Yono’s sources much of its food locally. The foie gras comes from Ferndale. The fowl from Elizaville and Stephentown. The coffee from Albany. The butter from Jefferson. And the cheese from Barneveld.
The seafood at Yono’s comes from Brooklyn’s Sea to Table, which connects fishermen with chefs, for use in dishes like Yono’s line-caught Montauk tuna tartare.
Dock to Dish is also part of the mix of community-based fisheries, providing locally sourced, sustainable seafood landed exclusively through the ports of Shinnecock and Montauk. The fishery provides seafood to such local restaurants as Le Bernardin; Telepan; Blue Hill at Stone Barns; The Modern; and East Hampton’s Nick & Toni’s.
As part of its responsibly sourced seafood, Le Bernardin features yellowfin tuna carpaccio; flash-marinated snapper slivers with citrus-jalapeño vinaigrette; crusted or whole red snapper; geoduck sashimi; and sea urchin with aki nori-apple vinaigrette.
Telepan features local swordfish and wild striped bass; sustainably sourced catches at Nick & Toni’s include the Montauk fish burger with artichoke tapenade and local monkfish bouillabaisse; and The Modern can thank Dock to Dish for its sea bass and salmon.
According to Callanan, there are several trends that will hit New York menus this summer.
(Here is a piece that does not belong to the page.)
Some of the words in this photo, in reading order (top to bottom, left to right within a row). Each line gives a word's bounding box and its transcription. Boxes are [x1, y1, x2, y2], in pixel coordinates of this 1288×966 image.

Callanan uses words like “comfort,” “vegan,” “healthy,” and “sustainable” to describe the food trends:
Poke, the Hawaiian dish made with marinated and usually raw seafood
Fresh herbs and spices coupled with healthy, locally sourced dishes
Savory foods with a focus on mature flavors like cilantro and harissa oil
Japanese food (think Udon), a passion for which is growing globally and locally
Ethnic cuisines that use alternate grains and simpler fares are bringing palates back to the basics
Locally produced beverages
The locally sourced, sustainable trend transcends to the beverage industry, as well.
Restaurants are making sodas and carbonated beverages in-house, creating “amazing, unique, and innovative blends using florals and fresh herbs,” Callanan notes, “as well as local hard cider and simpler cocktails with fresh ingredients.”
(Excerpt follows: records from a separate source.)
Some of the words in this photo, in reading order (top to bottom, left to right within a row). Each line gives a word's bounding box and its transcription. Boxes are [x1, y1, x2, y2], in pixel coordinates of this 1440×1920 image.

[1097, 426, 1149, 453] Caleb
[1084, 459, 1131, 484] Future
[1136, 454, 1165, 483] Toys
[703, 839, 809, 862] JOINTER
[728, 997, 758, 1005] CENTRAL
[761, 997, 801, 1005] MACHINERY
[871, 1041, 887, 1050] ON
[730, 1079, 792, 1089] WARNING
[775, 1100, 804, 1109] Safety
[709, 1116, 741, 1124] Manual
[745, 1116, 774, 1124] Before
Dominick Purnomo’s dp An American Brasserie in Albany boasts locally made and artisanal spirits, as well as craft brews exclusively from New York State — including draught beer from Chatham Brewing, Brooklyn Brewery, and Brewery Ommegang in Cooperstown.
Efforts are ongoing to simplify New York’s 80-year-old Alcoholic Beverage Control (ABC) law. The statute was enacted in 1934, following the repeal of Prohibition. Today, it is just outdated and difficult for businesses to navigate.
Governor Andrew M. Cuomo has convened a working group to review ways in which to modernize the law. A final report and recommendations from the working group were recently released.
The recommendations center around reorganization of the laws in a coherent, customer-focused manner to better serve regulated businesses. This would include consolidation of licenses (from nine down to three); amending “sales on Sunday” provisions; and supporting craft manufacturers through simplified application and permitting processes and reducing associated fees.
New Yorkers are demanding more local, artisanal, and sustainable options and — from food to drink, seafood to produce, and beer to spirits — New York restaurants are supplying.